Petition of Chadade Steamship Co., 65-213.

Decision Date06 April 1967
Docket NumberNo. 65-213.,65-213.
Citation266 F. Supp. 517
PartiesPetition of CHADADE STEAMSHIP CO., Inc., as owner of the S.S. YARMOUTH CASTLE, Yarmouth Cruise Lines, Inc., and Yarmouth Cruises, Inc, in a cause of exoneration from or limitation of liability, civil and maritime.
CourtU.S. District Court — Southern District of Florida

Zock, Petrie, Sheneman & Reid, New York City, and Smathers & Thompson, Miami, Fla., for petitioner.

James A. Dixon, Jr., William M. Alper, and J. B. Spence, Miami, Fla., Proctor's Committee.

MEHRTENS, District Judge.

ORDER GRANTING MOTION TO REQUIRE ADDITIONAL STIPULATION AND BOND

This matter is before the Court on motion of the Proctors' Committee to require petitioner, Chadade Steamship Co., Inc., to file an additional stipulation and bond with security.

This litigation arises from the burning and sinking on November 13, 1965 of the Panamanian cruise ship, Yarmouth Castle.
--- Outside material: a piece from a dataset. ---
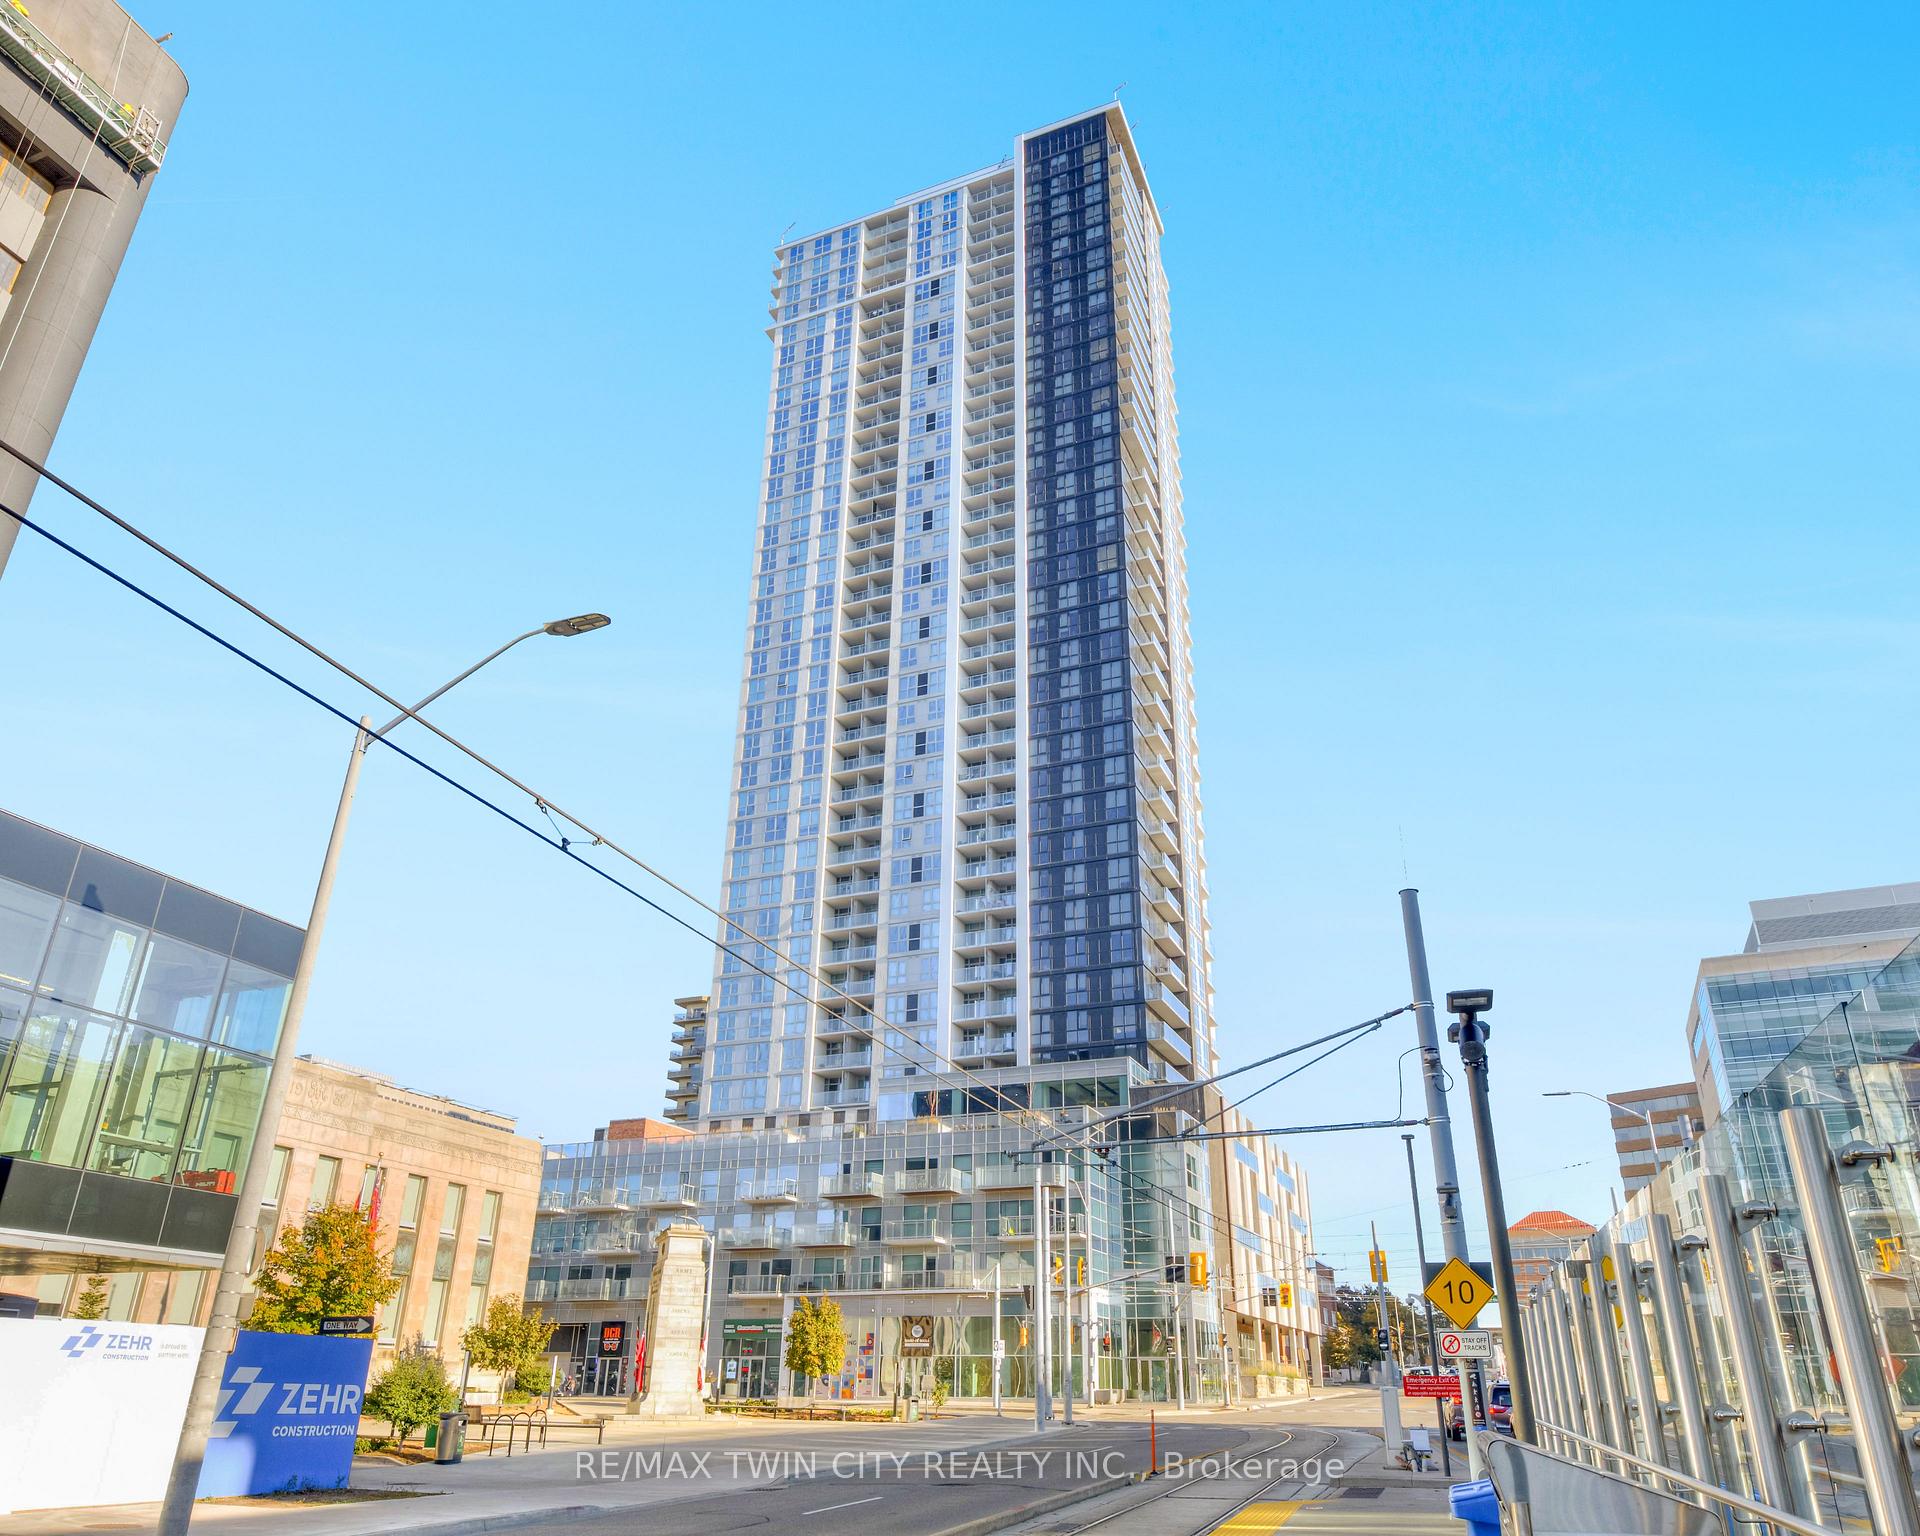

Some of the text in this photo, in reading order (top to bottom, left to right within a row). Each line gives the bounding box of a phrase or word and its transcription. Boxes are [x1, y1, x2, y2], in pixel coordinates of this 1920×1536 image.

The Yarmouth Castle was operated out of Miami, Florida, on passenger cruises to ports in the Bahamas and return. On November 12, 1965, the vessel left Miami, Florida, for a cruise to Nassau, Bahamas and return, and in the early morning hours of November 13, 1965, the vessel burned and sank on the high seas outside the territorial waters of the United States or the Bahamas. According to the shipowner's petition, the vessel was owned by Chadade Steamship Co., Inc., a Panamanian corporation, and was registered under the laws of Panama, flying a Panamanian flag. Approximately five hundred passengers and crew were aboard the vessel, the passengers being primarily nationals of the United States, and the crew and officers citizens and residents of various foreign countries.
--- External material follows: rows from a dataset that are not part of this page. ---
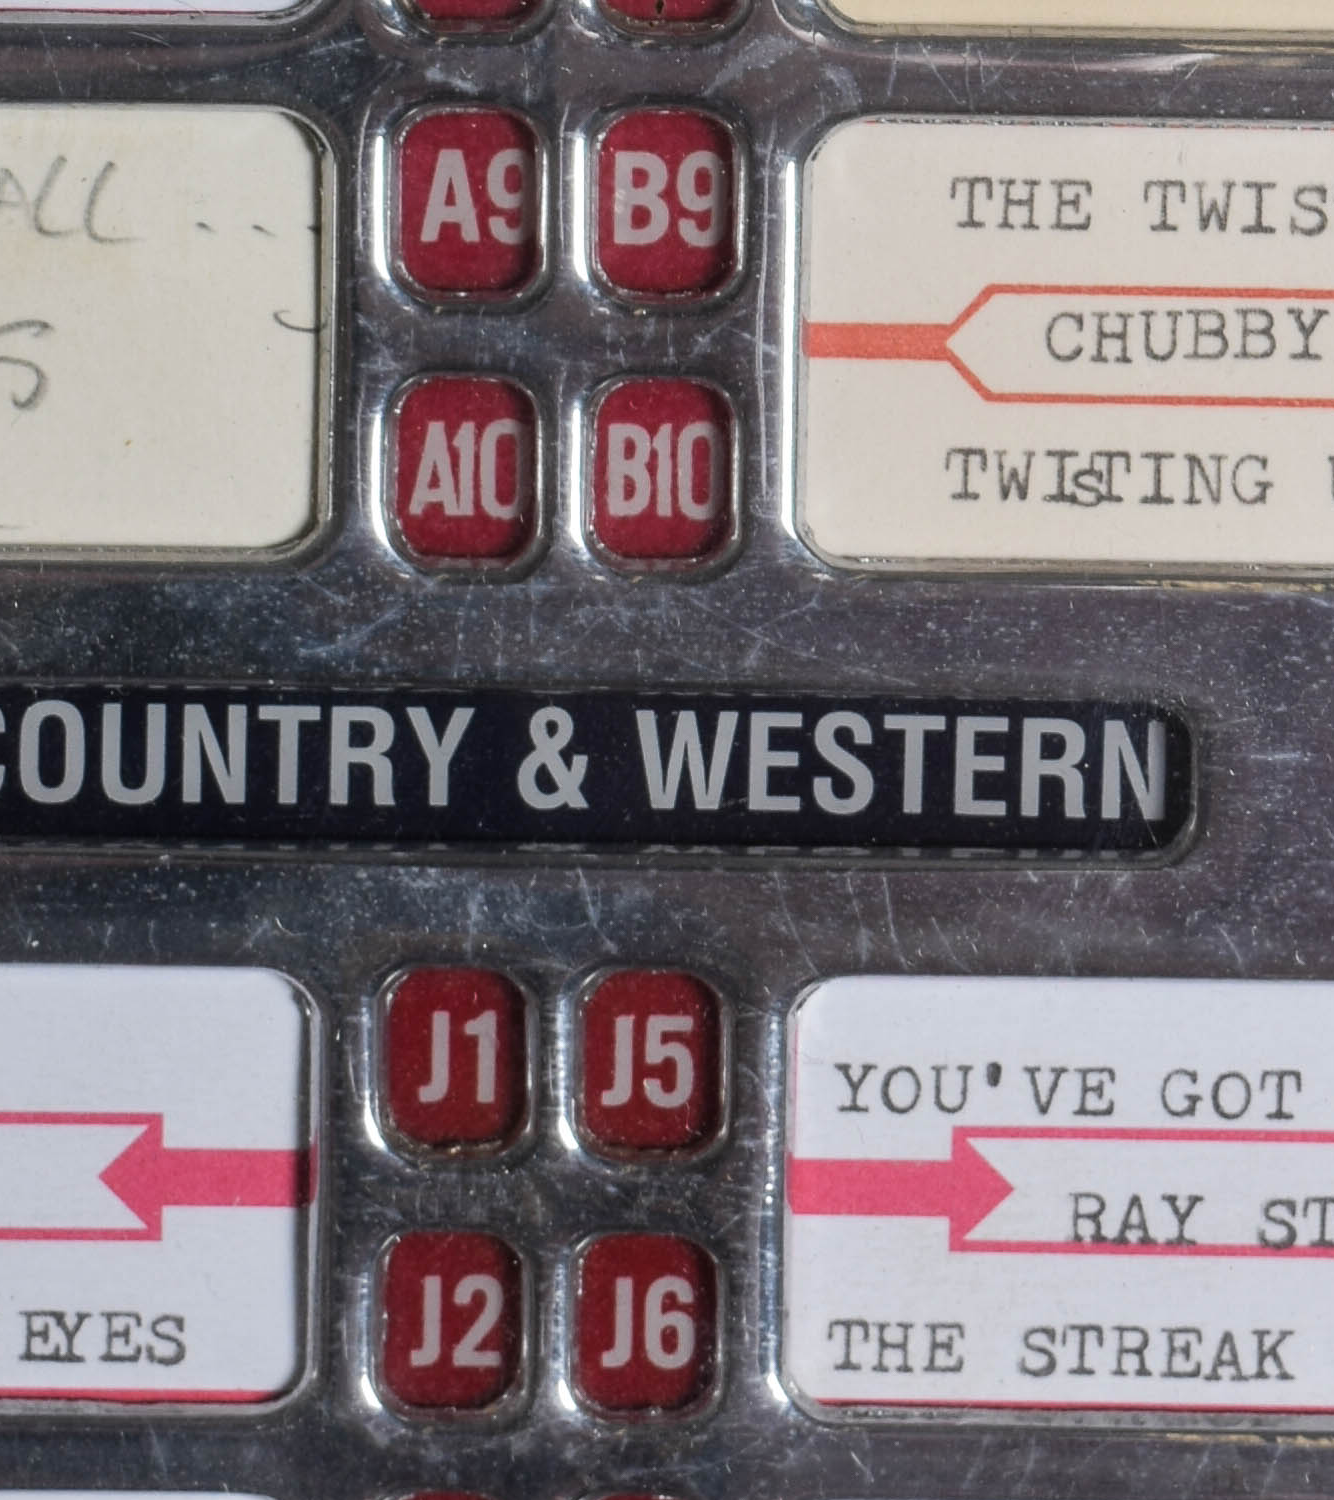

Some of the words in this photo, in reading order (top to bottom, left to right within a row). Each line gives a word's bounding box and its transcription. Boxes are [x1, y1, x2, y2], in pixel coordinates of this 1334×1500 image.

[420, 148, 535, 244] A9
[613, 150, 725, 248] B9
[950, 176, 1093, 231] THE
[1045, 307, 1330, 364] CHUBBY
[409, 419, 523, 520] A10
[606, 421, 718, 521] B10
[517, 706, 588, 809] &
[636, 710, 1163, 820] WESTERN
[418, 1009, 498, 1104] J1
[601, 1014, 695, 1110] J5
[834, 1061, 1116, 1117] YOU'VE
[1160, 1068, 1302, 1121] GOT
[1059, 1192, 1205, 1245] RAY
[18, 1310, 186, 1367] EYES
[410, 1274, 502, 1369] J2
[601, 1275, 695, 1370] J6
[827, 1318, 965, 1373] THE
[1017, 1323, 1295, 1382] STREAK
Chadade Steamship Co., Inc., and related corporations filed a petition for limitation of and exoneration from liability on December 8, 1965. This Court entered various orders to control the litigation, including deferment without prejudice of all preliminary motions by claimants until after the filing of claims and entry of appearance of counsel. Approximately four hundred and forty claims were filed and sixty-eight proctors entered appearances for various claimants. Thereafter this Court appointed a Proctors' Committee by stipulation of claimants and order of court with leave to proceed, on behalf of those stipulating claimants, with all motions, discovery and litigation involving the issues of limitation of and exoneration from liability.

In its original petition, the shipowner claimed the benefit of Sections 4281-4285 of the Revised Statutes of the United States or "any applicable Convention or Foreign law" relating to limitation of liability. Petitioner offered an interim stipulation for value in the sum of $33,000.00, the suggested value of the strippings of the Yarmouth Castle together with passage money, and further offered to file such stipulation or other security as the Court might fix, not to exceed $60.00 per ton. By order of this Court, the petitioning shipowner amended Paragraph 12 of its petition and, in addition to claiming the benefits of the limitation laws of the United States, pleaded in the alternative that in the event it be determined that the rights of the parties are governed and controlled by the laws of the Republic of Panama, "petitioner's claim the immunities and benefits of exoneration from or the limitation of liability provided for by the following Sections 1078, 1079 and 1093 of the Commercial Code of the Republic of Panama * * *." The Proctors' Committee then filed the motion presently before this Court for determination, alleging that the limitation proceedings herein are controlled by Articles 1078, 1093 and other relevant portions of the Commercial Code of the Republic of Panama; that the Panamanian law provides for limitation of liability of a shipowner in a marine disaster; that these provisions of the Panamanian law fix the valuation of a vessel; that they are attached to the right and are a part of the substantive law of Panama and that the stipulation and security required of the shipowner in this proceeding must be determined in accordance with the laws of Panama.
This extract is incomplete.